Der 1966 geborene Kläger ist seit 1. April 2014 bei der Rechtsvorgängerin der Beklagten und seit 1. September 2017 bei der Beklagten als Senior Key Account Manager gegen ein Jahresgrundgehalt von 105.600,00 Euro zuzüglich einer erfolgsabhängigen variablen Vergütung, einem auch zur privaten Nutzung zur Verfügung gestellten Dienstwagen und einem Mietzuschuss für eine Wohnung im Vertriebsgebiet tätig.
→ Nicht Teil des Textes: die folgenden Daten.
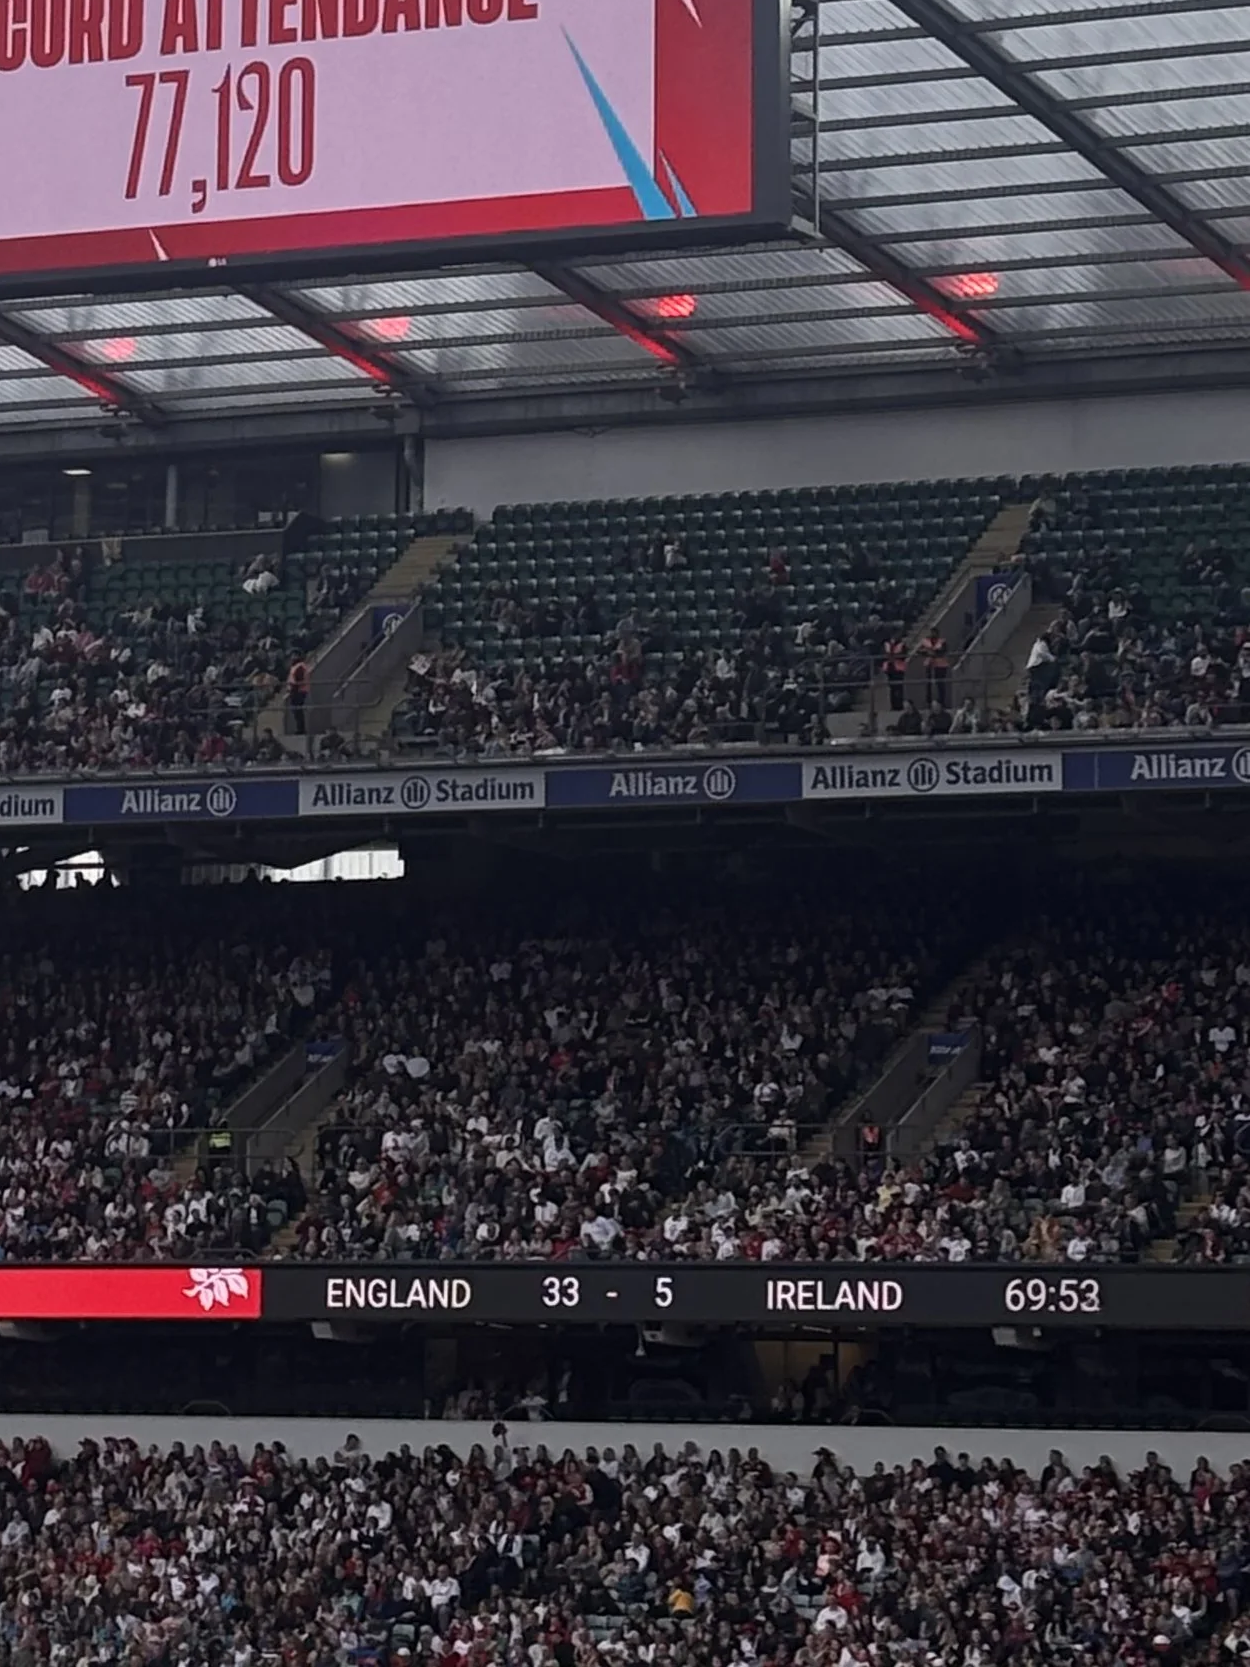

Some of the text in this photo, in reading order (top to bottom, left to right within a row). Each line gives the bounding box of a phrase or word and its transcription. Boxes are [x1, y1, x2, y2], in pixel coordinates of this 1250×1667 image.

Mit Schreiben vom 12. April 2018, zugestellt am 18. April 2018 erklärte die Beklagte die fristlose, hilfsweise fristgemäße Kündigung des Arbeitsverhältnisses. Der Prozessbevollmächtigte des Klägers wandte sich an die Beklagte und fragte nach den Gründen für die Kündigung. Die Beklagte führte hierzu am 20. April 2018 aus:

„Herr H. befand sich seit dem 4. April 2018 auf einem Kongress in Barcelona. Am 5. April 2018 fand ein Abendessen statt, an dem außer Herrn H. noch seine Kollegin Frau Sch., seine Vorgesetzte Frau Andrea St. sowie drei Kunden der G. R. Pharma GmbH teilnahmen. Im Rahmen des Abendessens begann Herr H. am Tisch eine politische Diskussion über die Wahlen in Russland, die Bundeskanzlerin, den russischen Präsidenten, geheime Manipulationen und Demokratie. Im Verlauf der angestoßenen Diskussion wechselte Herr H. sodann das Thema und erklärte, es gebe Beweise, dass die historische Darstellung der Judendeportation im dritten Reich in vielen Punkten „mediengesteuert“ sei und es „Beweise“ gebe, dass überhaupt keine Judendeportation stattgefunden habe. Er berief sich in diesem Zusammenhang auf angeblich manipulierte Fotografien von Eisenbahnschienen, die es zum Zeitpunkt der Deportationen nicht gegeben habe und Gutachten über das Alter der Tinte auf den Tagebüchern von Anne Frank, die nach seinen Erklärungen die Berichte über die Deportation von Juden widerlegen. Herr H. machte sich mit seinen Äußerungen diese Verschwörungstheorien zu eigen. Mit seinen Äußerungen traf Herr H. eine der eingeladenen und anwesenden Kundinnen persönlich, da deren Familie nach eigener Aussage von den Deportationen des NS- Regimes unmittelbar betroffen war. Frau St. musste den Redefluss von Herrn H. aktiv unterbrechen, um schlimmeres zu verhindern.“

Gemäß § 626 Abs. 1 BGB kann das Arbeitsverhältnis aus wichtigem Grund ohne Einhaltung einer Kündigungsfrist gekündigt werden, wenn Tatsachen vorliegen, aufgrund derer dem Kündigenden unter Berücksichtigung aller Umstände des Einzelfalls und bei Abwägung der Interessen beider Vertragsteile die Fortsetzung des Arbeitsverhältnisses selbst bis zum Ablauf der Kündigungsfrist nicht zugemutet werden kann. Dafür ist zunächst zu prüfen, ob der Sachverhalt ohne seine besonderen Umstände „an sich“, dh. typischerweise als wichtiger Grund geeignet ist. Alsdann bedarf es der Prüfung, ob dem Kündigenden die Fortsetzung des Arbeitsverhältnisses unter Berücksichtigung der konkreten Umstände des Falls – jedenfalls bis zum Ablauf der Kündigungsfrist – zumutbar ist oder nicht.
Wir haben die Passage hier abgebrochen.